These days, it seems that yoga has become a service that you purchase in the same way that you might purchase a massage, a manicure or a haircut.

For the most part, yoga is not being marketed as a skill you cultivate, get better at, discover more dimensions of, penetrate deeper into.

If you want to learn the piano or ballet or knitting, you'd probably sign up for a course, no?

That's how it used to be with yoga too. And when you sign up for a course, you get something else, something that's a very sweet perk, you get community. Week after week, you will spend an hour or two with the same group of people, and that is a very fertile ground for friendships to flourish. And friendships will do way more for your wellbeing than stretchy hamstrings. Sadly, the art of friendship is on decline in western civilization.

If we go even further back in time, yoga was exclusively taught from guru (teacher) to student.
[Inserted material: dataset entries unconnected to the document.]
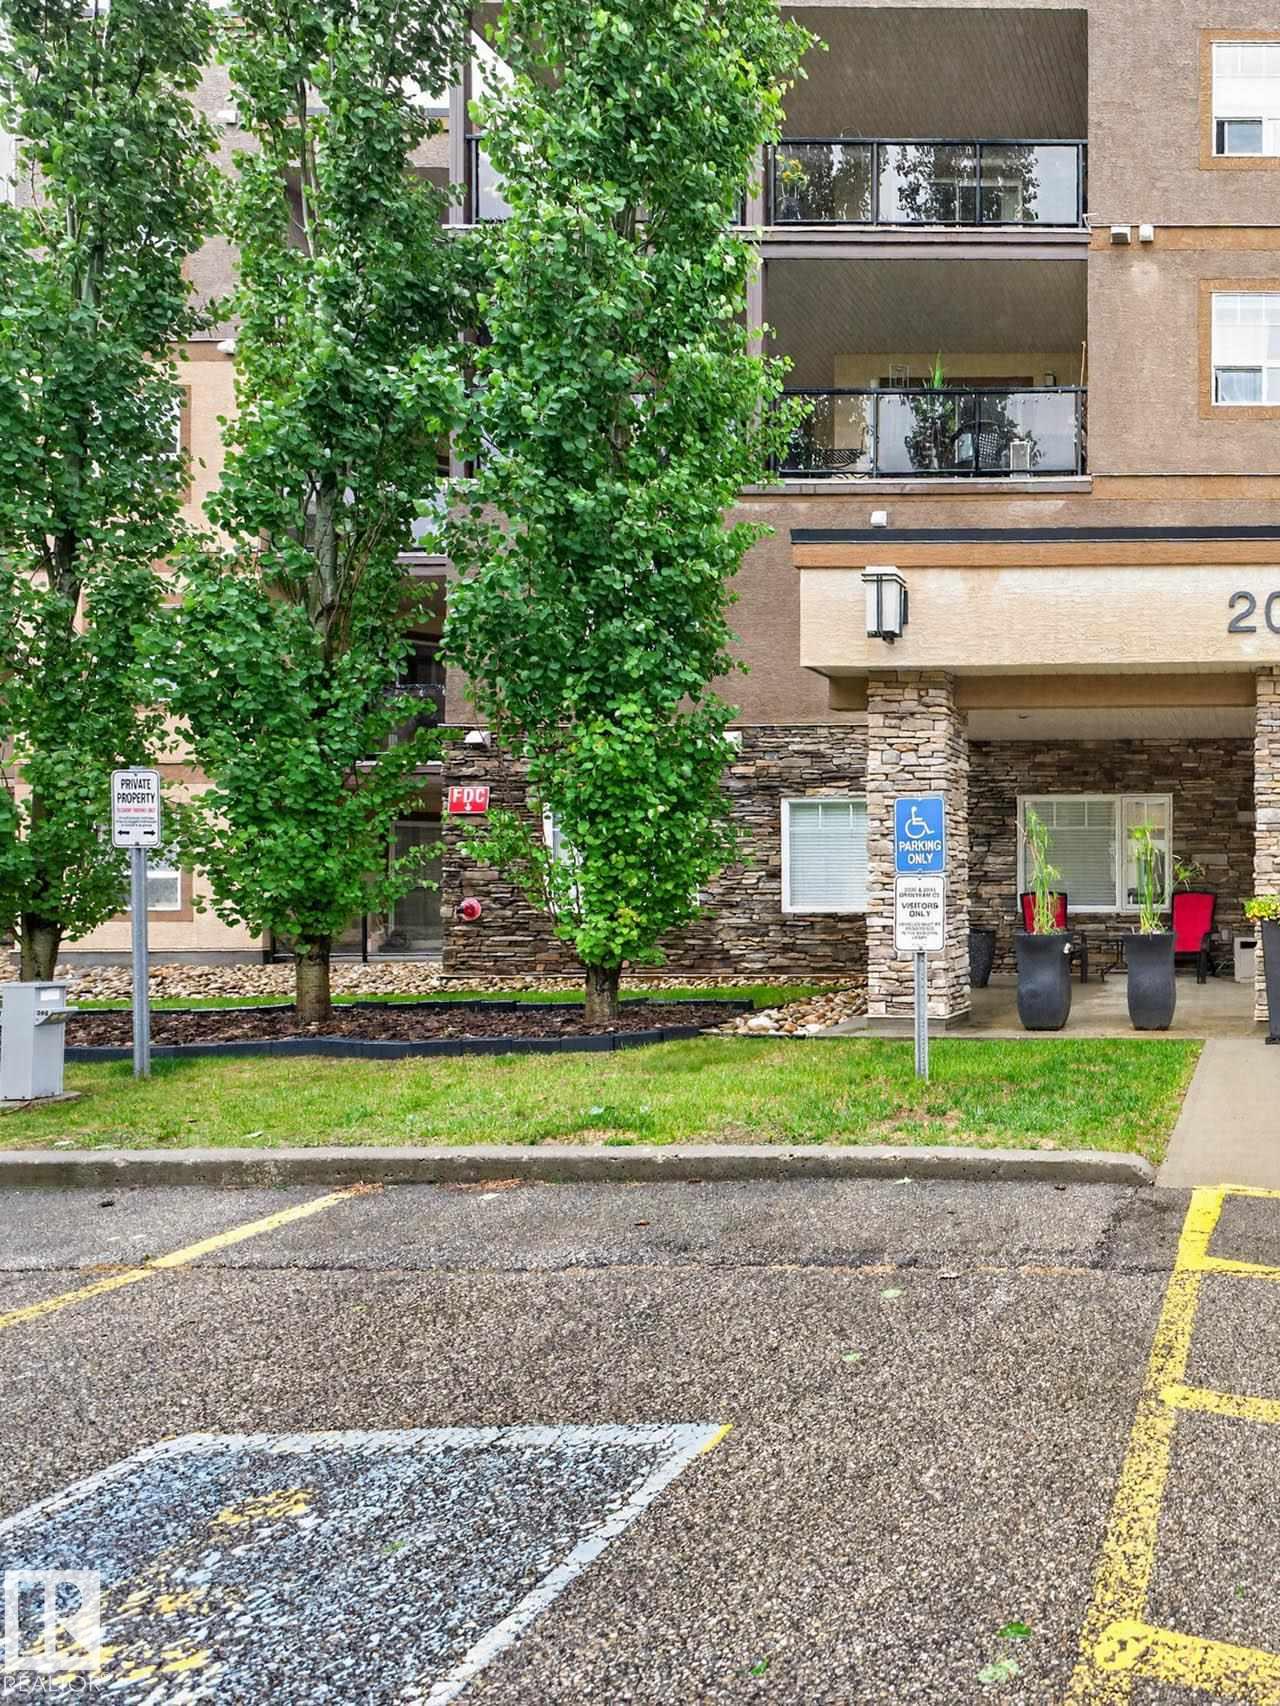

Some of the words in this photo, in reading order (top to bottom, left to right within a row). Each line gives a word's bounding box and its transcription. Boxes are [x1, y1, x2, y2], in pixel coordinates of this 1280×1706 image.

[120, 778, 151, 790] PRIVATE
[117, 793, 155, 804] PROPERTY
[453, 788, 485, 803] FDC
[899, 840, 941, 852] PARKING
[907, 853, 933, 865] ONLY
[909, 910, 931, 918] ONLY
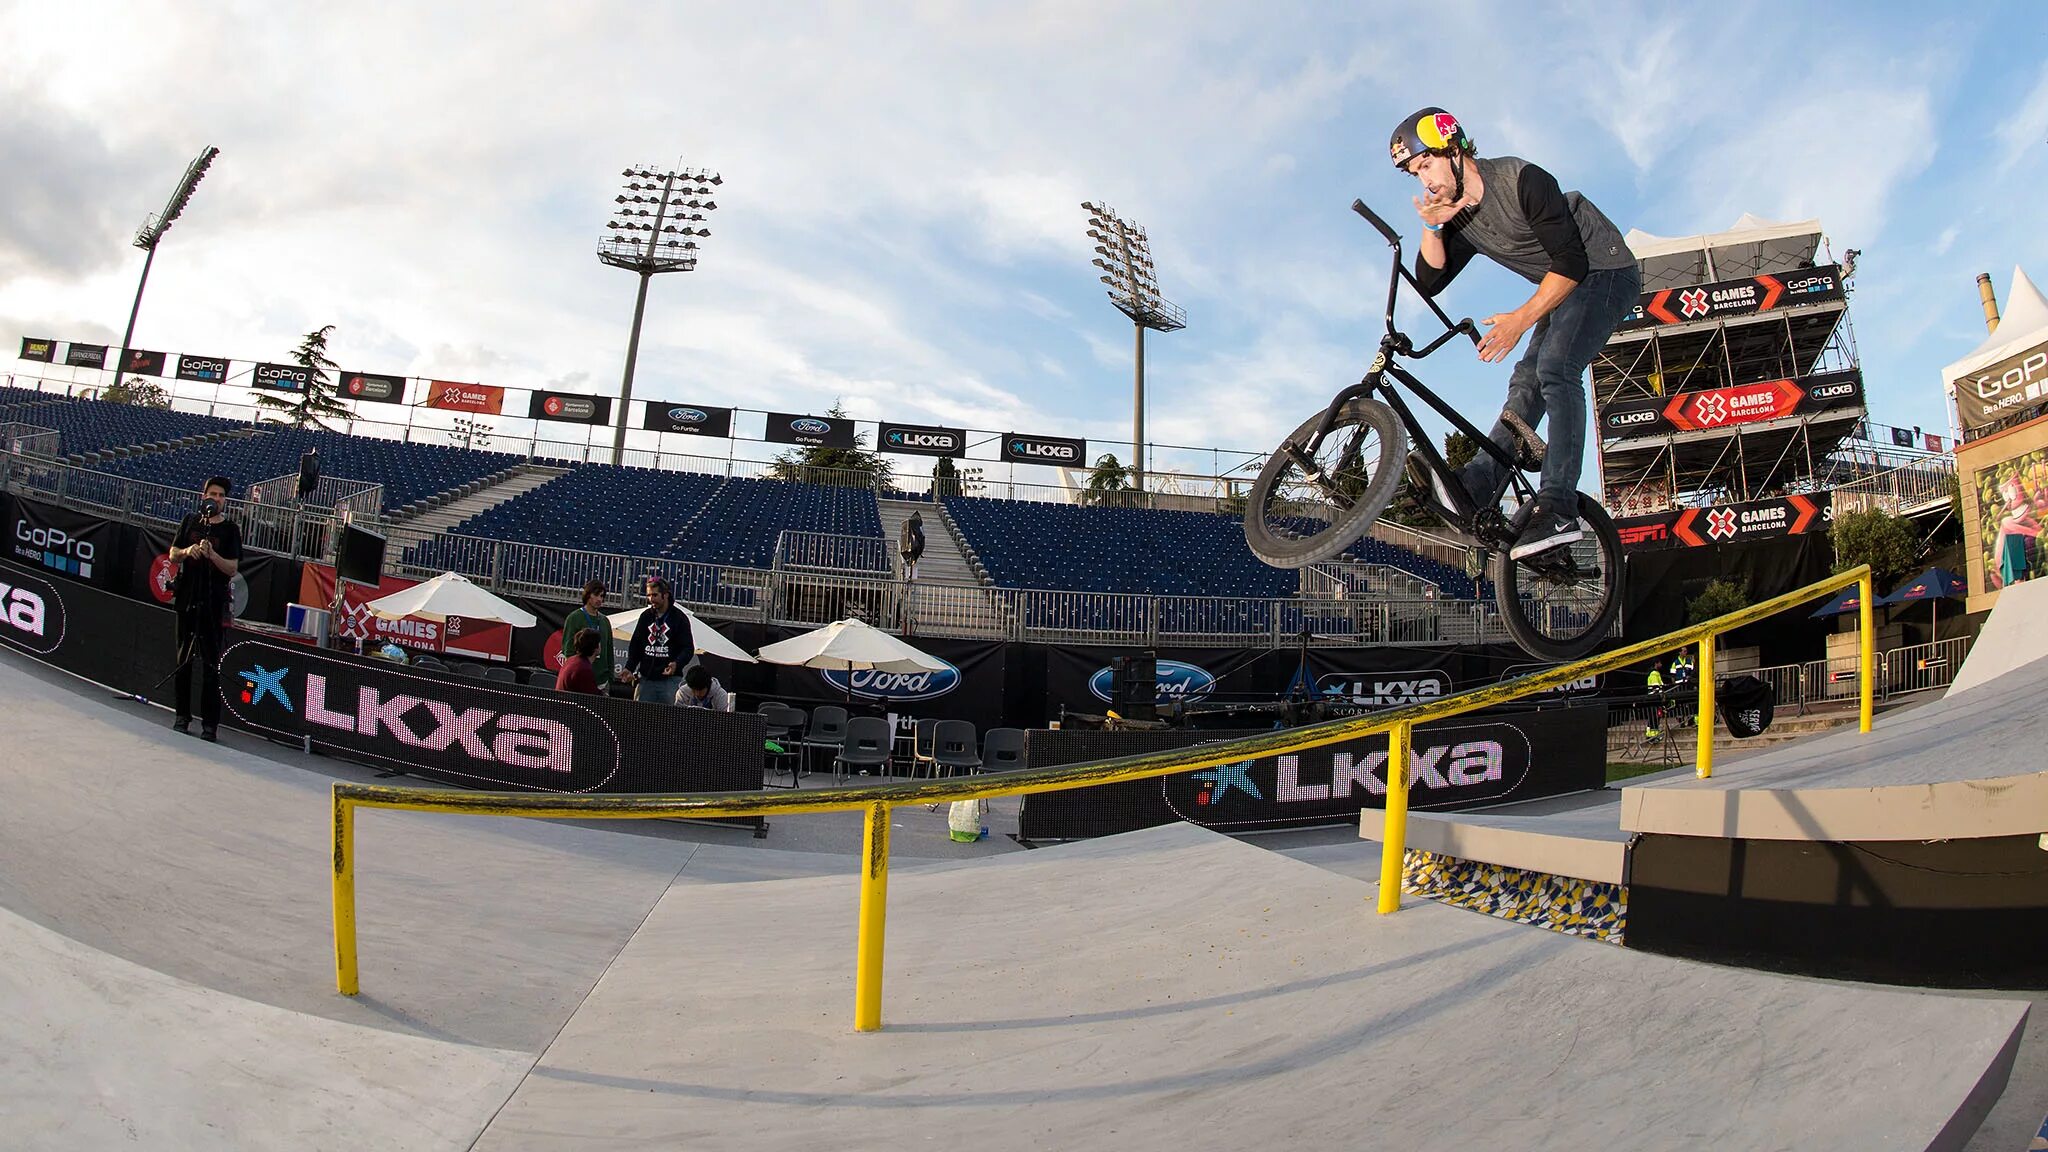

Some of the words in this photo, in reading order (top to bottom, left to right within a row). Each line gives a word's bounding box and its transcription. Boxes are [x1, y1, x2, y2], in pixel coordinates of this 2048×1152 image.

[1787, 276, 1832, 290] GoPro
[1712, 286, 1755, 302] GAMES
[1713, 299, 1757, 310] BARCELONA
[182, 358, 224, 372] GoPro
[258, 366, 307, 381] GoPro
[462, 392, 487, 402] GAMES
[1729, 391, 1774, 409] GAMES
[675, 409, 700, 421] Ford
[1731, 405, 1775, 417] BARCELONA
[1983, 405, 1992, 414] Be
[680, 425, 700, 433] Further
[797, 420, 823, 432] Ford
[804, 436, 823, 444] Further
[1741, 506, 1786, 524] GAMES
[1741, 520, 1787, 532] BARCELONA
[16, 519, 94, 560] GoPro
[375, 617, 438, 640] GAMES
[374, 633, 436, 651] BRCELONA
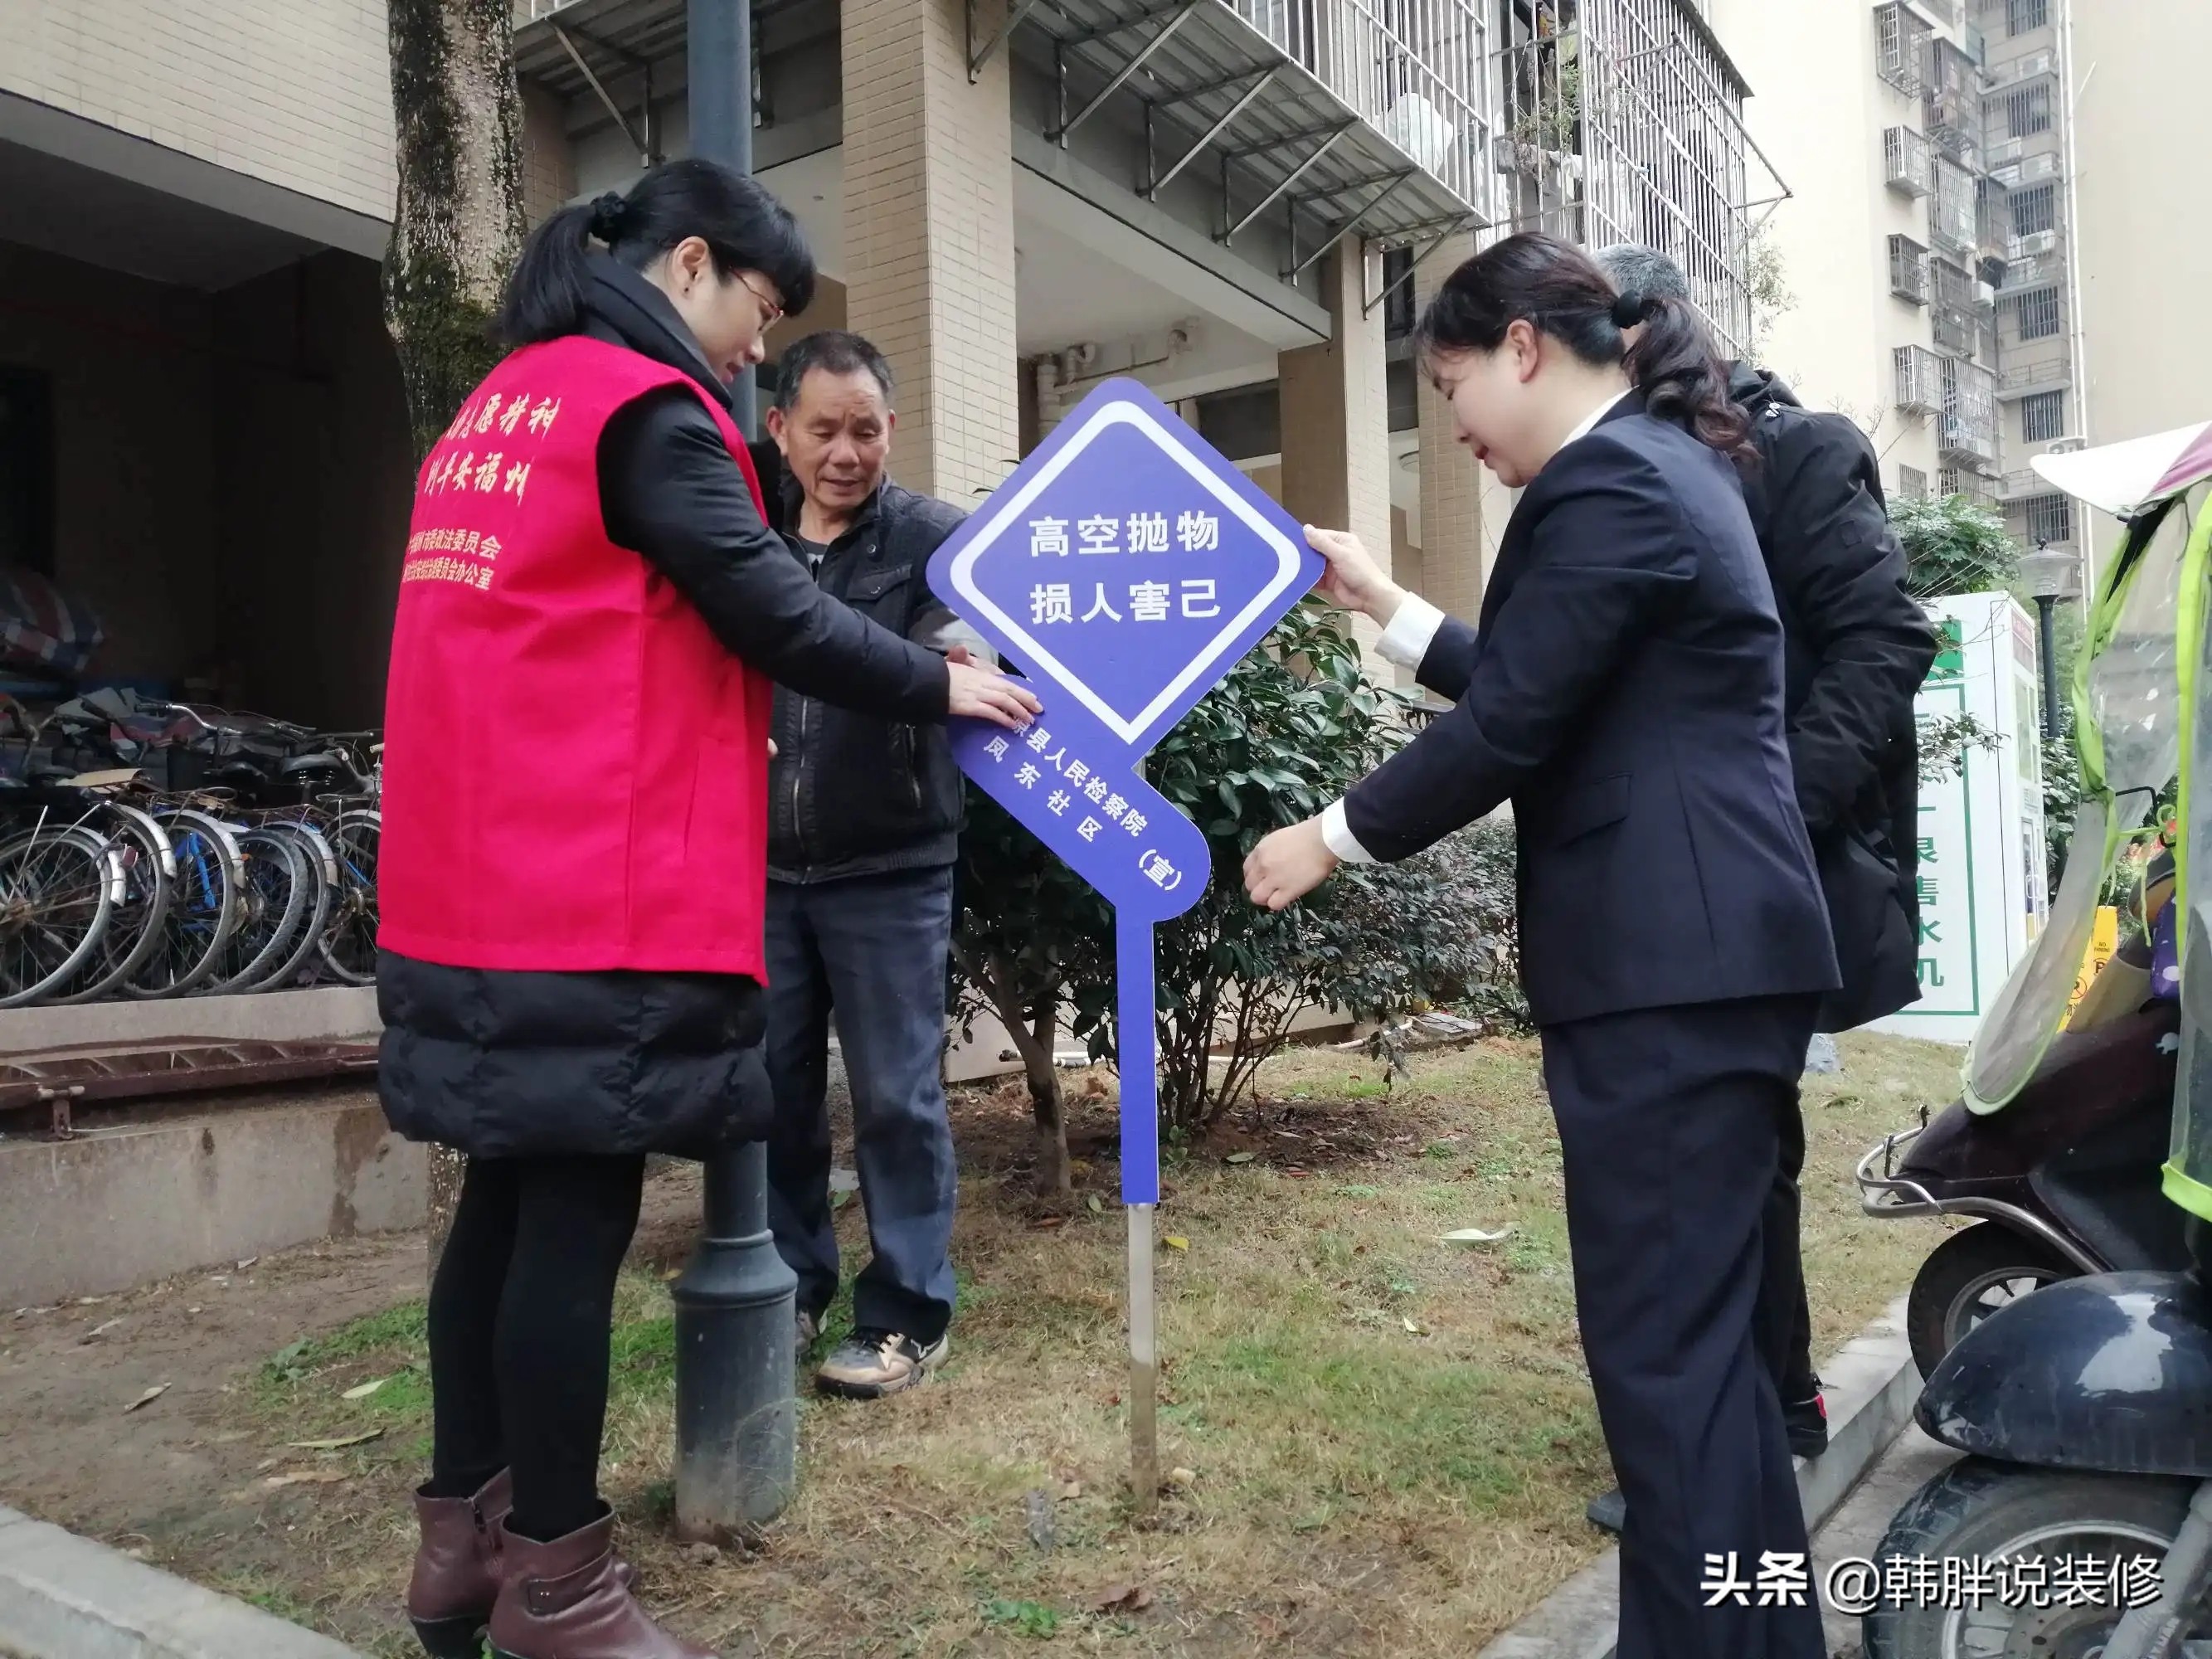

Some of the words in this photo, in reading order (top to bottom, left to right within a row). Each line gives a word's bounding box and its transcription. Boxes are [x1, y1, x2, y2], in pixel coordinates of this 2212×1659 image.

And if it was a good fit, that relationship would likely last years and years, and be as deep and profound as the relationship between therapist and client, mentor and mentee.

At some point though, at least in big cities, the course became an exception rather than the rule. And the drop-in class became ubiquitous.


When I started practicing yoga asana in New York City in the dreamy good old nineties, the drop-in class was well on its way to take over.

At least back then, you'd get a 10-class card or a monthly ticket at one studio, and chances were you'd stick with a teacher or at least one style or idea, for awhile, and maybe by becoming a regular at that studio, you'd make some friends in the process.

Of course, back then 200 YTTs weren't a thing, so the quality of teachers were much higher. Most of the ones I came across were not just teaching gymnastics.

Back then yoga was way more esoteric than it is today, and it hadn't been completely hijacked by wellness. And wellness hadn't been hijacked by the beauty industry.


I was first attracted to yoga as a tool to help me heal my recurring bouts of back pain. I'm not sure that yoga helped that. But I did find something that I had been searching for. Maybe it was the emphasis on breath that helped regulate my nervous system? Or perhaps it was the discipline I managed to find, to show up for my practice? It could also have been the sweetness of those minutes in savasana that gave me a premonition of what was possible.


I poured whatever little savings I had into a 200 hour teacher training in 2007, moved back to Sweden and started 'teaching.' The term 'yoga instructor' had become very popular, and I rebelled against it. I didn't want to be called an instructor, but actually, when I think back on it, that term was perfect. All I was capable of doing was instructing people how to get in and out of shapes.



And now, seventeen years later, I may have earned the (useless) title yoga teacher. Maybe. But now we've arrived at a place in Yoga's long and motley history, where yoga is being offered as a service.

We 'get our yoga on.'

Each week we must tick off a certain number of flow or yin classes from our to do list. And the so called yoga teachers become service providers rather than teachers. I recently came across a google review of a yoga studio in Berlin -- the client ( a more appropriate term than student these days) was very happy with their experience there, as the teacher 'paid a lot of attention to their wishes.'

Really? Isn't a teacher supposed to teach? Not give a service?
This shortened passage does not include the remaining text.